Hoje, 19 de agosto, faz 90 anos que o corpo do poeta Federico García Lorca foi encontrado, após ser fuzilado por militantes de extrema-direita.
As motivações do assassinato ainda são incertas.
Alguns dizem que foi porque ele era homossexual, outros, porque apoiava a Frente Popular, um movimento político progressista da Espanha.
Na lógica enviesada dos fascistas, isso significava que ele era um comunista.
Independentemente do motivo, nada justifica a barbárie cometida.
Início
Federico García Lorca nasceu em 05 de junho de 1898, em Fuente Vaqueros, província de Granada, em Andaluzia, sul da Espanha.

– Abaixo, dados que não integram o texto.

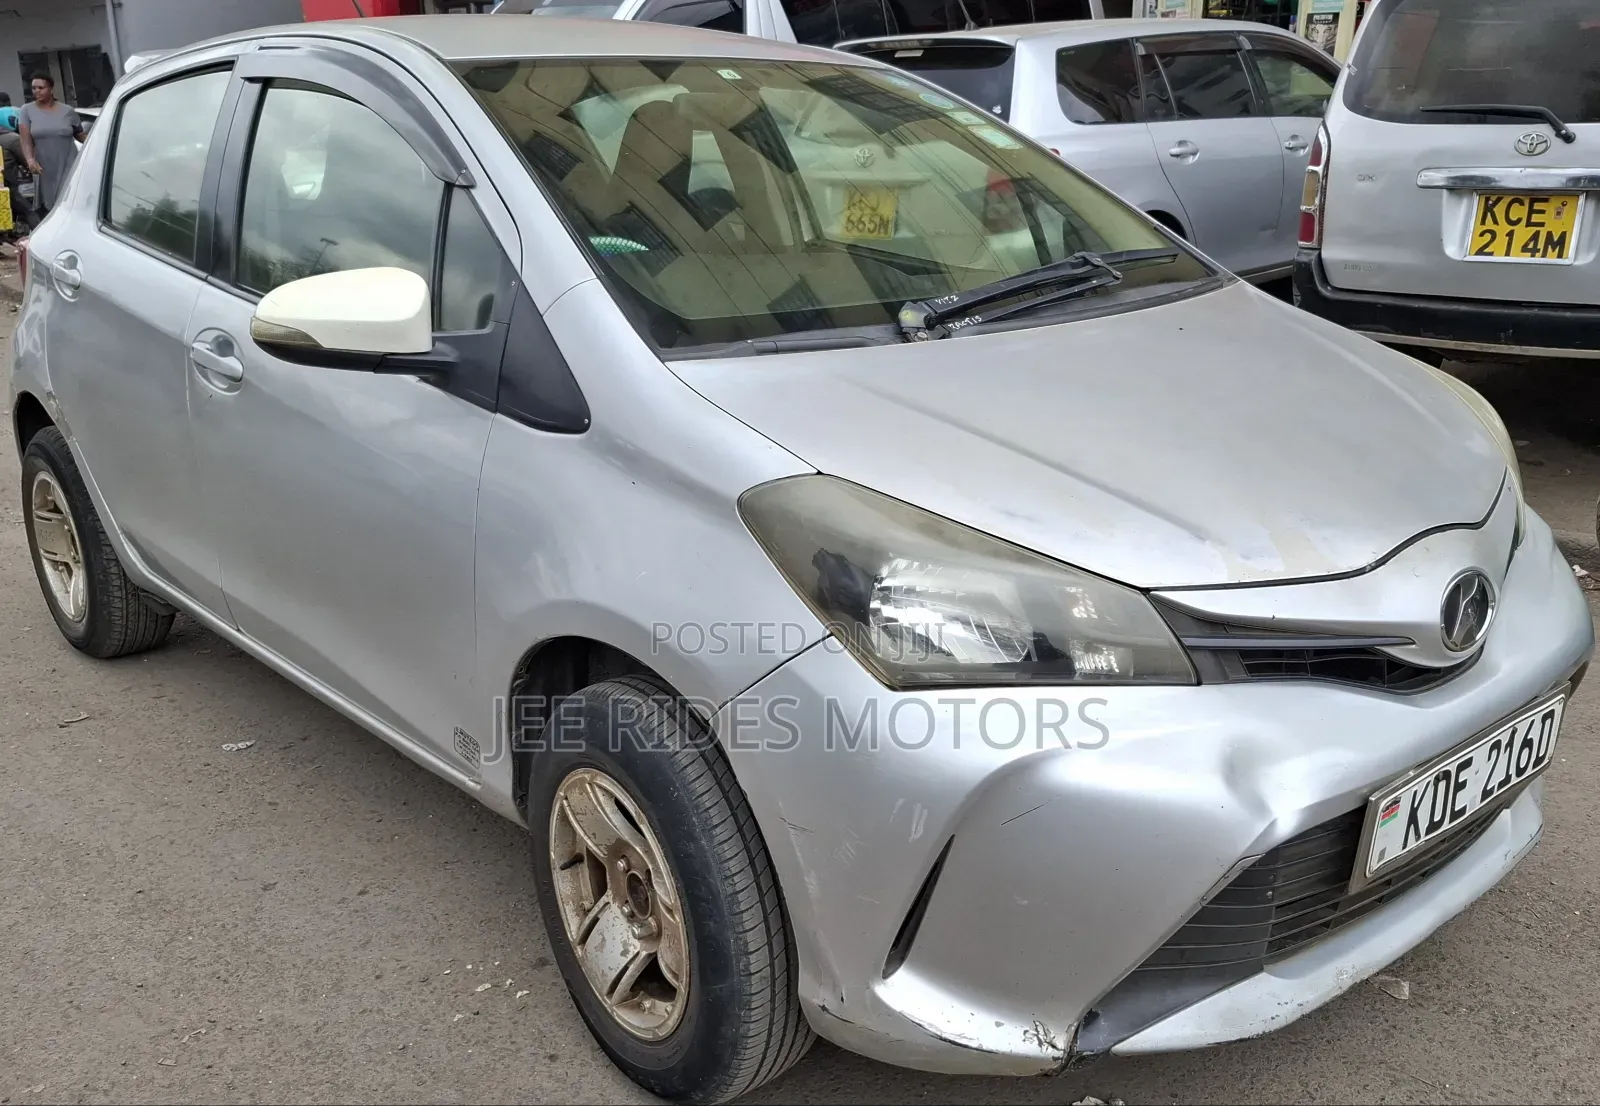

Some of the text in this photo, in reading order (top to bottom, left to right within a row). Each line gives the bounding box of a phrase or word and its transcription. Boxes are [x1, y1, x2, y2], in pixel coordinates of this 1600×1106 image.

[1480, 196, 1550, 228] KCE
[1474, 228, 1568, 259] 214M
[1402, 708, 1555, 850] KDE 216D

A presença de Lorca na cultura espanhola nas décadas de 20 e 30 do século XX foi muito forte, com proeminência na poesia e na cena teatral, tanto em Granada como em Madri.

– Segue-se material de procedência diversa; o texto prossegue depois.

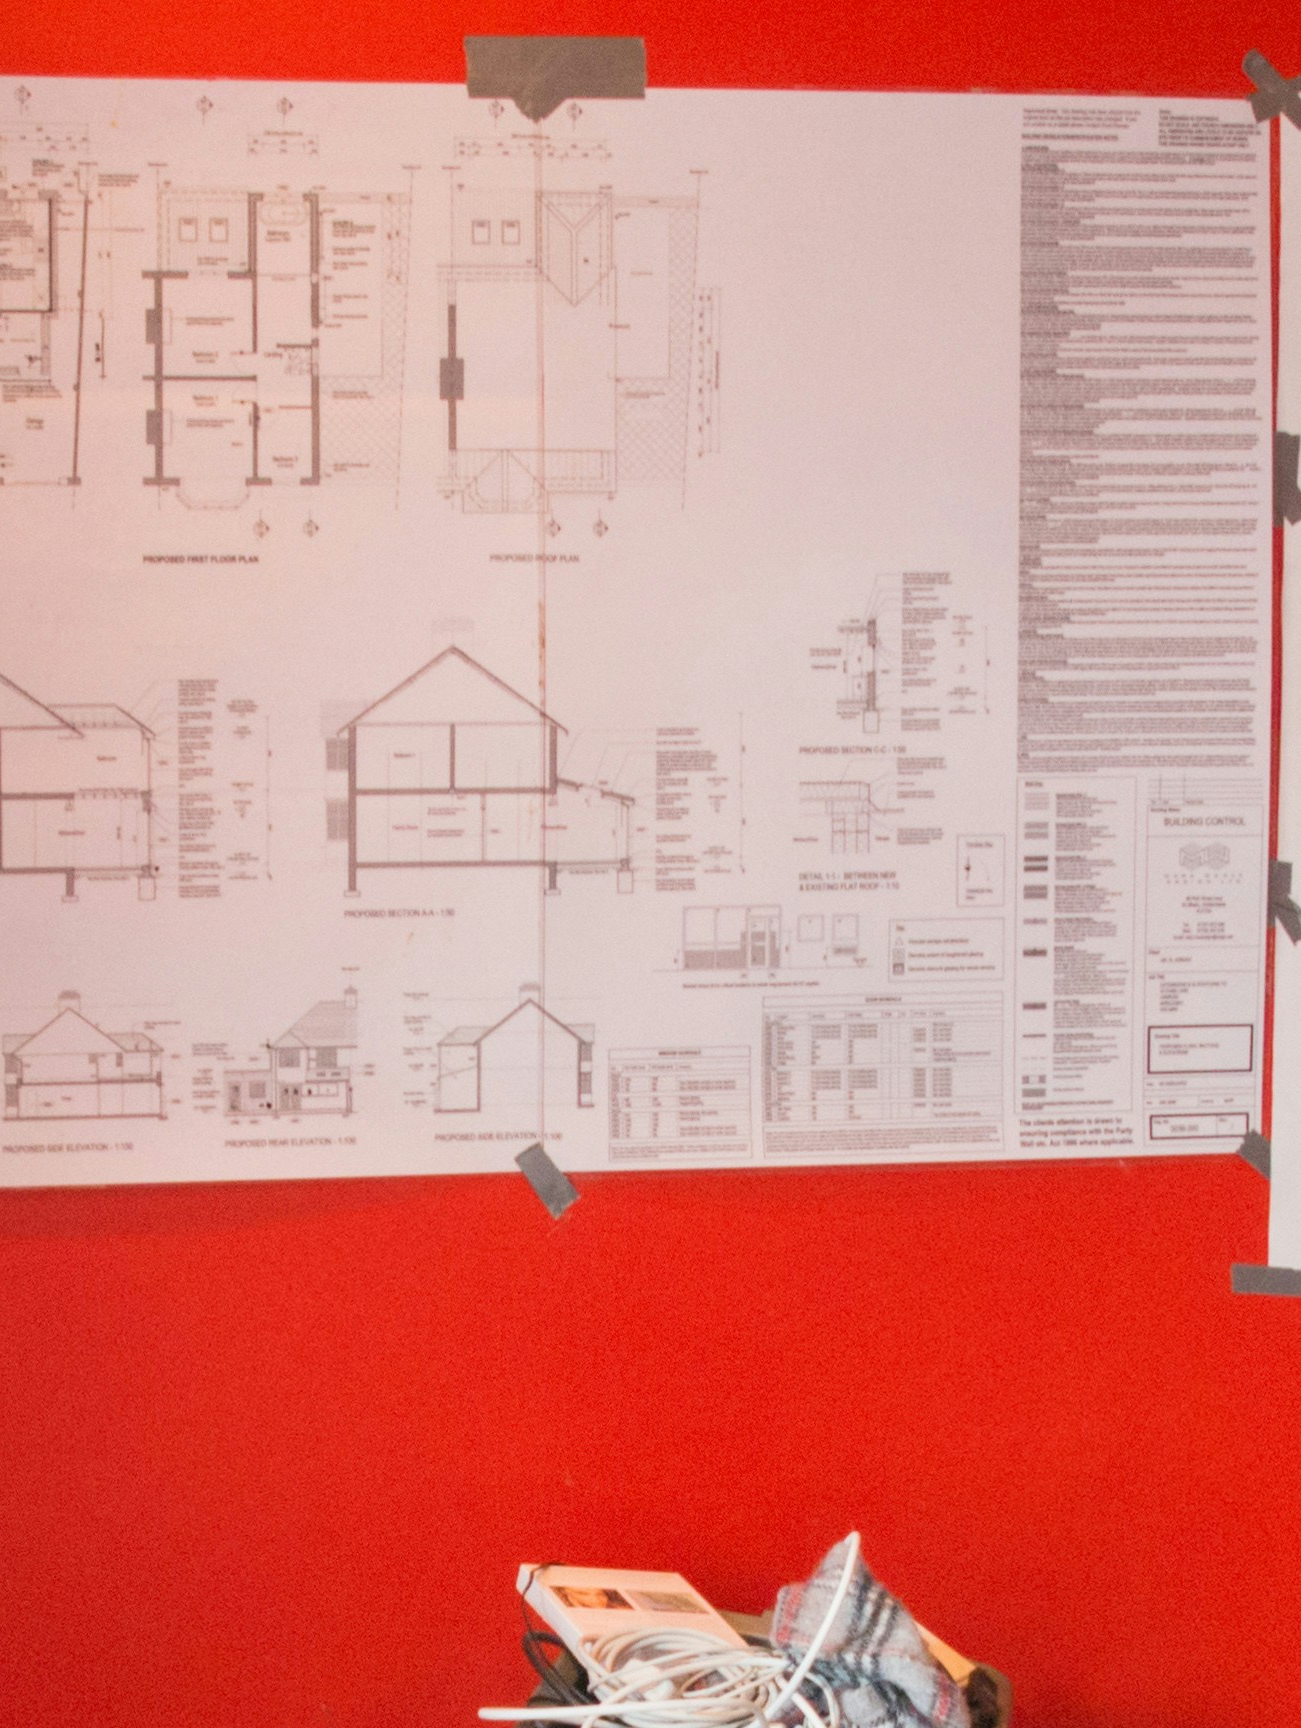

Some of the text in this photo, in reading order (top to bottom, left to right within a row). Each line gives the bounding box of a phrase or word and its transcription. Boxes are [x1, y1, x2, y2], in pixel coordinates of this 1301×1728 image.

[143, 555, 259, 564] PROPOSED FIRST FLOOR PLAN
[490, 554, 534, 563] PROPOSED
[559, 554, 580, 563] PLAN
[799, 745, 839, 754] PROPOSED
[841, 745, 872, 754] SECTION
[1164, 816, 1246, 827] BUILDING CONTROL
[799, 871, 822, 880] DETAIL
[844, 871, 878, 880] BETWEEN
[880, 871, 896, 880] NEW
[806, 882, 839, 891] EXISTING
[860, 882, 879, 891] ROOF
[344, 909, 386, 918] PROPOSED
[388, 909, 420, 918] SECTION
[1020, 1118, 1032, 1126] The
[1056, 1118, 1084, 1126] attention
[1020, 1126, 1132, 1138] ensuring compliance with the Party
[435, 1133, 476, 1142] PROPOSED
[478, 1132, 494, 1141] SIDE
[496, 1132, 537, 1140] ELEVATION
[224, 1139, 267, 1148] PROPOSED
[268, 1138, 289, 1148] REAR
[290, 1137, 332, 1146] ELEVATION
[1079, 1138, 1098, 1146] where
[2, 1144, 45, 1154] PROPOSED
[47, 1144, 64, 1152] SIDE
[66, 1143, 108, 1152] ELEVATION

Ele estudou Filosofia, Letras e Direito em instituições de Granada, Madri e na Universidade de Columbia, em Nova York.
A efervescência da época, plena segunda república espanhola, ditava novos comportamentos e formulava novas estéticas na arte.
Naquele período estavam surgindo, ou se consolidando, além de García Lorca, artistas como Salvador Dalí (artes plásticas), Manuel de Falla (música) e Luis Buñuel (cinema).
Poesia
A obra de García Lorca é muito vasta, apesar de seu pouco tempo de vida, pois morreu aos 38 anos.
Entre suas 12 obras poéticas, consideradas clássicos da literatura espanhola do século XX, temos Poema del cante jondo, Ode a Walt Whitman, Poeta em Nova York e Romancero gitano.
Este último retrata a cultura e a vida dos gitanos (ciganos) espanhóis e sua luta por sobrevivência.
Os versos dessa obra fogem dos aspectos folclóricos e, por vezes, preconceituosos com el pueblo gitano.
Teatro
Paralelamente à poesia, Lorca desenvolveu uma obra teatral de grande destaque.
Suas peças continuam sendo encenadas até os dias de hoje e muitas delas foram adaptadas para o cinema.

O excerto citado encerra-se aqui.